*** Opening of SUPPLIED DATA ***

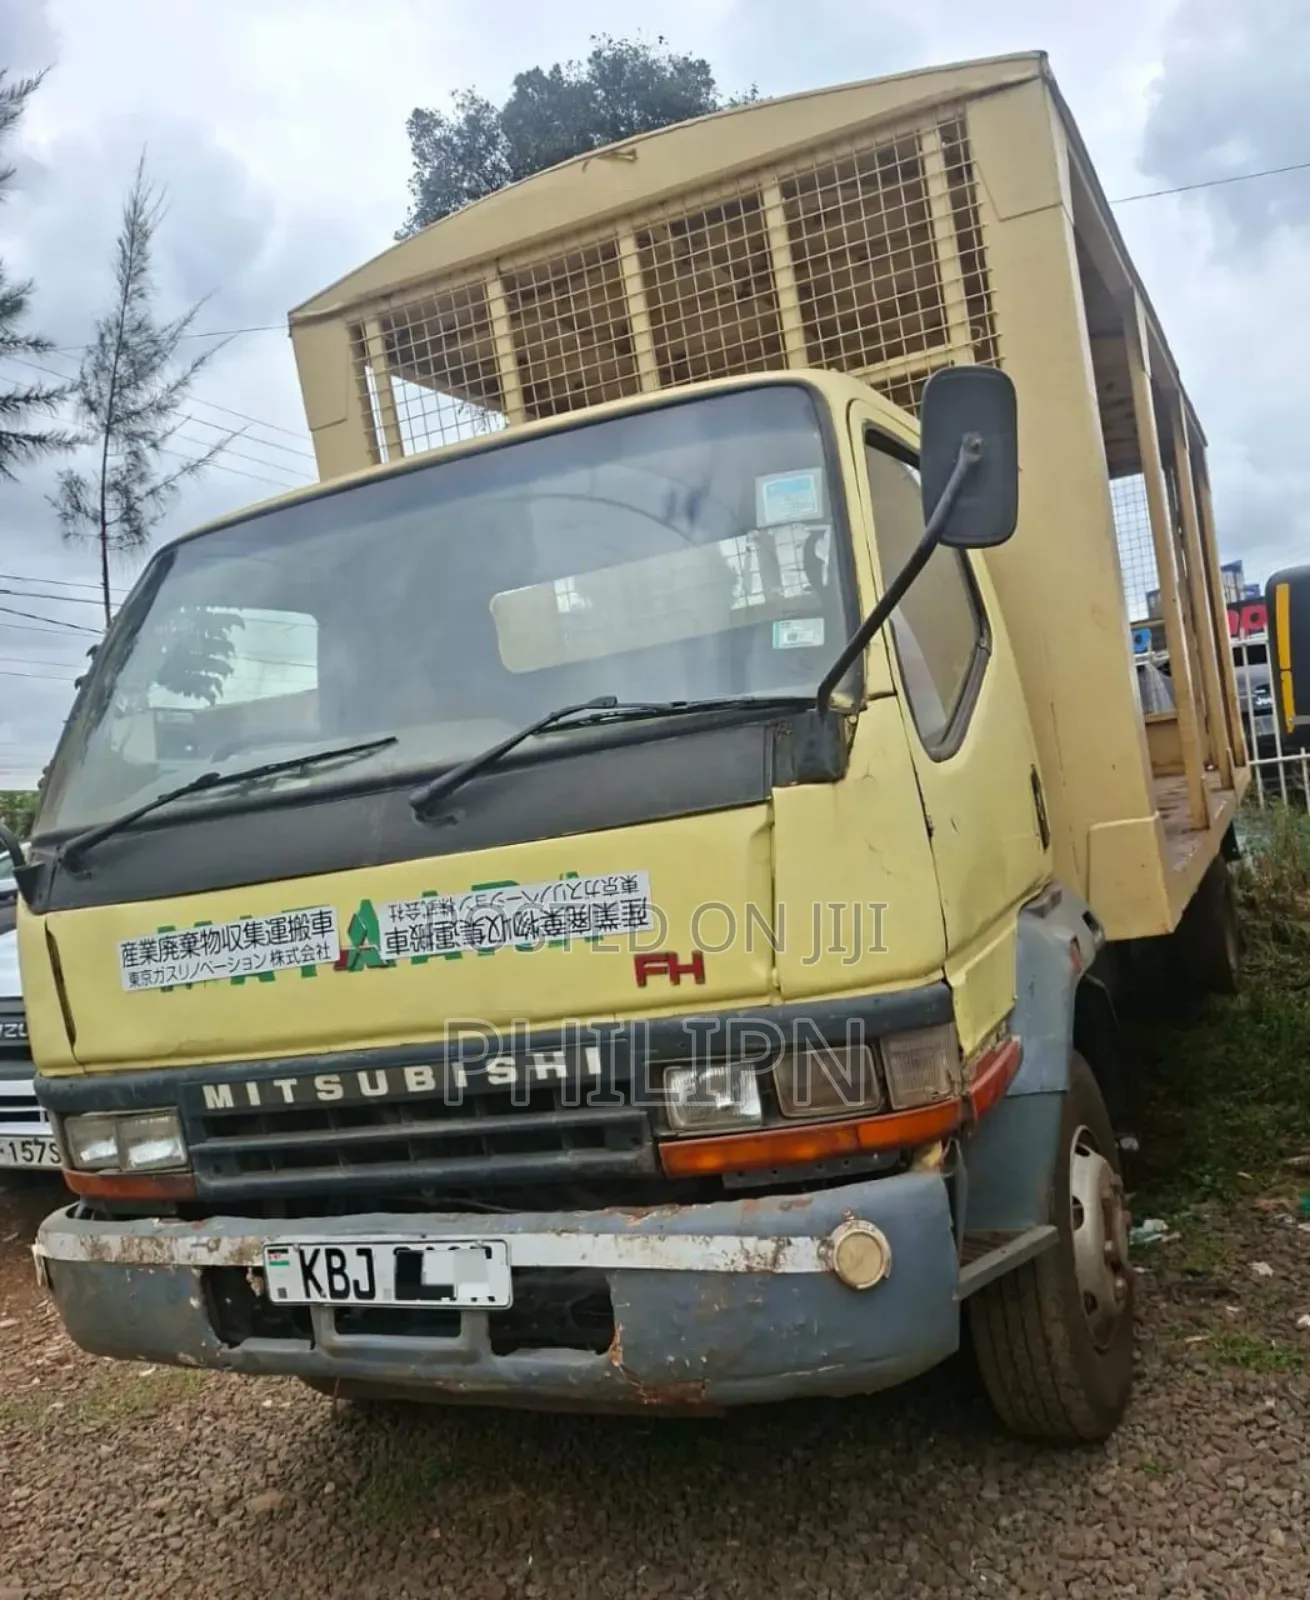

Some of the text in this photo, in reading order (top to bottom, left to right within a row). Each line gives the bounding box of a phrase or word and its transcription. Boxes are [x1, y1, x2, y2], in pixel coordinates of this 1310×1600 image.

[120, 909, 335, 968] 産業廃棄物収集運搬車
[385, 897, 651, 955] 産業廃棄物収集運搬車
[633, 949, 707, 988] FH
[202, 1046, 602, 1110] MITSUBISHI
[299, 1247, 376, 1301] KBJ

*** Close of SUPPLIED DATA ***

• _REQUIRED ACTION_
Without the pictures, return the whole of the data exactly as given.

• _OUTPUT_
Some of the text in this photo, in reading order (top to bottom, left to right within a row). Each line gives the bounding box of a phrase or word and its transcription. Boxes are [x1, y1, x2, y2], in pixel coordinates of this 1310×1600 image.

[120, 909, 335, 968] 産業廃棄物収集運搬車
[385, 897, 651, 955] 産業廃棄物収集運搬車
[633, 949, 707, 988] FH
[202, 1046, 602, 1110] MITSUBISHI
[299, 1247, 376, 1301] KBJ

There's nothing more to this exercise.